The movie The French Dispatch by Wes Anderson is about the goings-on at a magazine publication that The New Yorker inspired. In fact, Anderson has been a fan of The New Yorker since he was a teenager and had an impressive collection of the magazine dating back to the 1940s. The film features Benicio del Toro, Adrien Brody, and Tilda Swinton, to name a few. 

After a lengthy delay, the film premiered at the Cannes Film Festival on July 12, 2021. It is scheduled to be theatrically released in the United States by Searchlight Pictures on October 22, 2021. Here is a breakdown of the three different storylines of the film and some of the characters. 

A story of an obsessive writer

Wes Anderson, director of 'The French Dispatch' sitting on a white box with blue writing dressed in a blue pin stripe suit in front of a masked audience.
Wes Anderson, director of ‘The French Dispatch’ | Getty Images

According to Film School Rejects, Bill Murray portrays French Dispatch founder and editor-in-chief Arthur Howitzer Jr., whose character is based on the real New Yorker co-founder and editor-in-chief Harold Ross. He started the magazine with his wife, Jane Grant, in 1925 and served until he died in 1951. 

Ross had a reputation of being the equivalent of a modern-day grammar snob. Ross’s story is an interesting one. He was born to modest beginnings in a prospector’s cabin in Colorado, didn’t graduate from high school, and served in the U.S. military. Ross edited an extremely impressive 1,399 issues of the New Yorker in his career, an astonishing feat considering he had very little education and didn’t have the modern conveniences we enjoy today. His obsession with comma usage was remarkable, and his signature comma usage persists in the magazine to this day.

A story of a prolific reporter

Owen Wilson plays Herbsaint Sazerac, a French Dispatch journalist based on a real counterpart, a New Yorker writer named Joseph Mitchell. Mitchell joined the New Yorker in 1938 and continued to work there until he died in 1996. Mitchell struggled in the latter years of his life and had many unfinished manuscripts, including his own biography.

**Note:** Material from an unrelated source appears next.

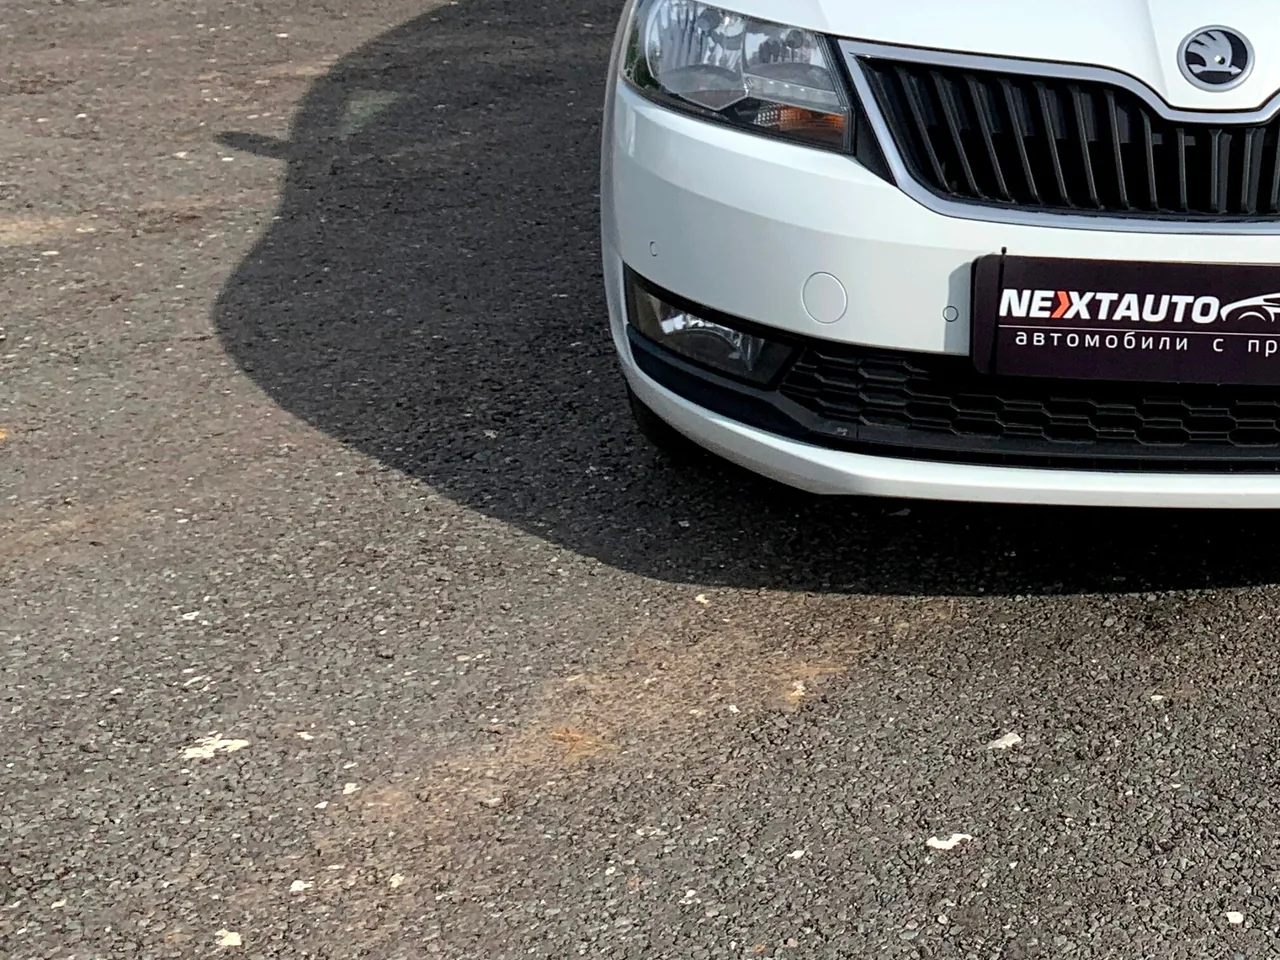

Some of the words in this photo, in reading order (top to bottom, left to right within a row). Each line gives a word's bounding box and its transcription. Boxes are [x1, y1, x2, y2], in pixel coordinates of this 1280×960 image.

Although Mitchell continued to work for the New Yorker until his death in 1996, his final finished piece that he ever submitted was in 1964. His struggles with mental health and depression were partially to blame in these latter years. However, his prolific early writings helped establish The New Yorker.

A mash-up of two writers

Jeffrey Wright plays French Dispatch journalist Roebuck Wright, a food writer from the American South, whose true inspiration is a mix of James Baldwin and A. J. Liebling. In addition to many other articles submitted to the publication, Baldwin is noted for his famous article “Letter from a Region In My Mind.” 

Liebling was into food. In fact, he was really into food, so much so that he reportedly used a piece of bacon for a bookmark occasionally. He frequently wrote about the things he loved: boxing, horse racing, and food. During World War II, Liebling was active as a war correspondent.

The French government awarded him the Cross of the Légion d’honneur for his war reporting. For many years after the war, he wrote a New Yorker monthly feature called the Wayward Press, a critique of the U.S. press.

The French Dispatch is a triumph for Wes Anderson. No doubt, this will be one of his greatest pieces of work. It’s easy to see the passion Anderson has for journalism. The movie has been touted as “a love letter to journalists.” Clearly, with the star-studded cast, Anderson uses to make the film, this is a movie worth seeing whether you are a journalist or not.